Abstract Surface interactions between an enzyme and carrier can reduce activity retention after immobilization. Using compatible polymers to tether the enzyme provides a means of maintaining bulk properties of the carrier while limiting disadvantageous associations that reduce activity retention of the enzyme. In this work, chitosan was attached to P(S/V-COOH) microspheres by carbodiimide chemistry. Lactase (Aspergillus oryzae) was then covalently conjugated to the microspheres having the chitosan tether as well as directly to microspheres without the chitosan tether. Relative to the soluble enzyme, activity retention of lactase attached directly to the microspheres without the chitosan tether resulted in 11% activity retention after immobilization.
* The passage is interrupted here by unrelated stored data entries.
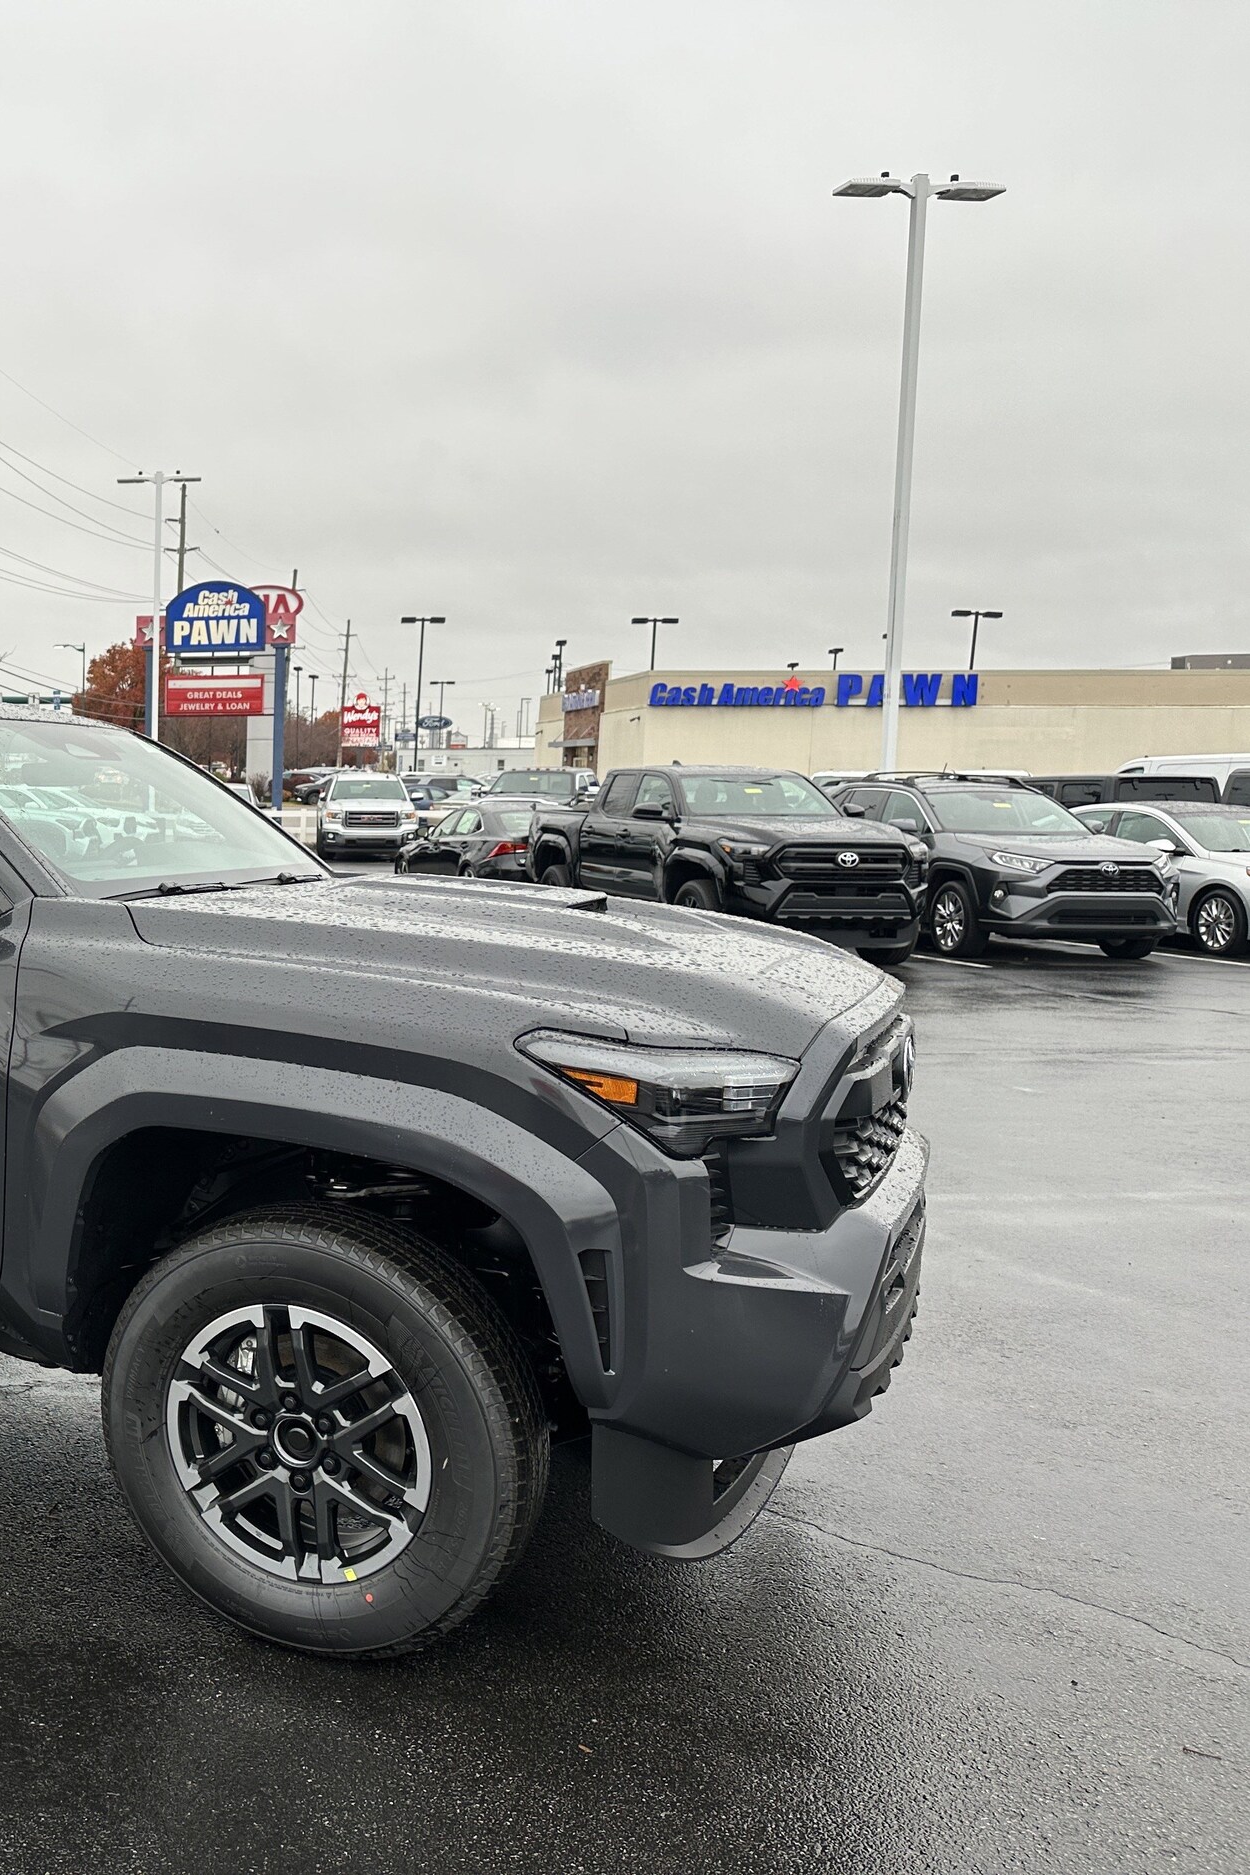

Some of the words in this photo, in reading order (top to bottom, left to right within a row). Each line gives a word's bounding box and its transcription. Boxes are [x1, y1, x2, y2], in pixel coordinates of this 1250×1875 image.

[198, 589, 239, 606] Cash
[182, 602, 250, 618] America
[173, 618, 258, 646] PAWN
[187, 691, 214, 699] GREAT
[215, 691, 243, 699] DEALS
[650, 683, 715, 706] Cash
[717, 683, 826, 707] America
[179, 703, 216, 711] JEWELRY
[226, 702, 250, 710] LOAN
[344, 711, 379, 724] Wendy's
[344, 727, 377, 735] QUALITY
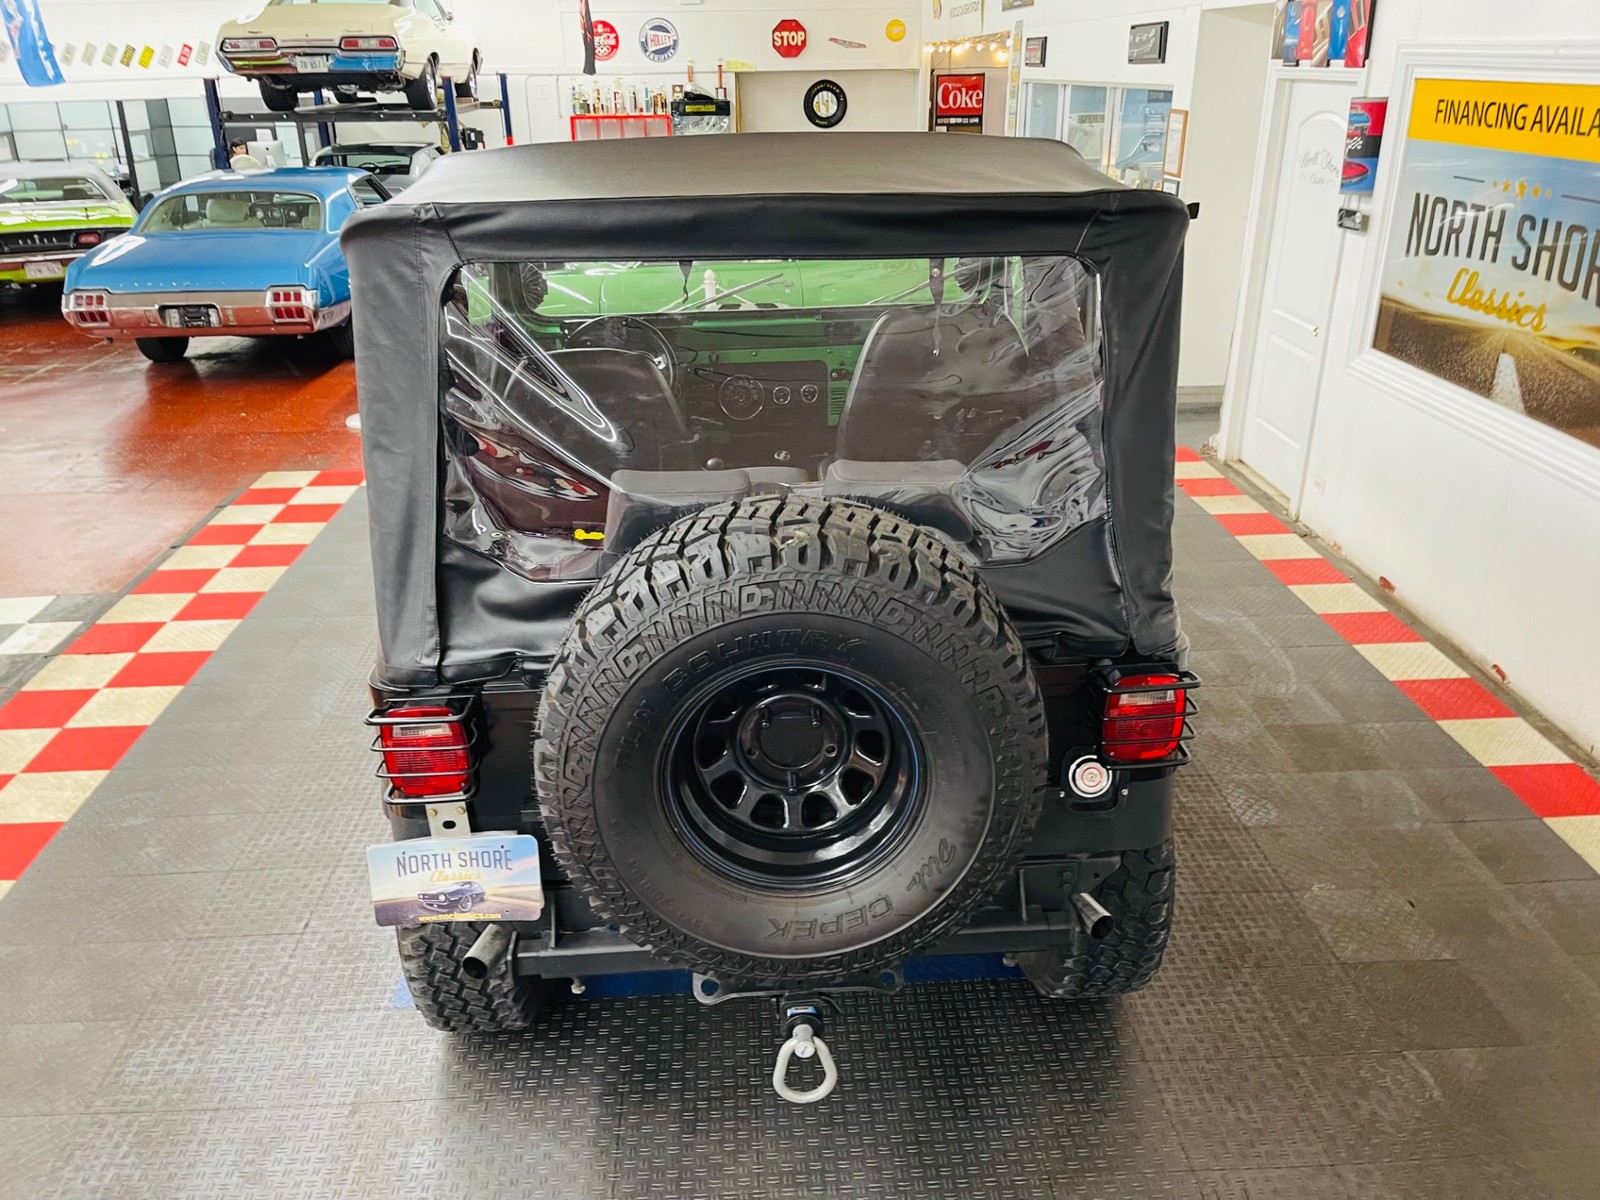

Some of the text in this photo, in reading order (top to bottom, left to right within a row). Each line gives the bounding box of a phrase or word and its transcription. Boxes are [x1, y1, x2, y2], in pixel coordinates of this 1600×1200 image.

[649, 33, 672, 49] HOLLEY
[773, 31, 805, 46] STOP
[937, 82, 983, 109] Coke
[1434, 99, 1529, 131] FINANCING
[1404, 192, 1506, 264] NORTH
[1446, 267, 1547, 333] Classics
[661, 628, 868, 693] COUNTRY
[396, 849, 513, 877] NORTH SHORE
[429, 870, 482, 883] Classics
[764, 837, 957, 941] Dick CEPEK
Comparatively, attachment of lactase to microspheres having the chitosan tether yielded a retained activity that was not significantly different from that of the soluble enzyme, under optimum conditions for the immobilized conjugate. Chitosan-tethered microspheres also enabled an increase in protein loading—achieving 18 mg/g of support compared to 5 mg/g of support on microspheres without the chitosan-tether. However, beyond a protein loading of 12 mg/g of support, the immobilization efficiency on chitosan-tethered microspheres decreased. Lactase conjugation to chitosan-tethered microspheres resulted in shift in optimum pH from pH 4.5 to pH 4.0, but no significant change in temperature stability relative to the soluble enzyme. The results suggest that altering the material surface interface can lead to greater enzyme activity retention after immobilization.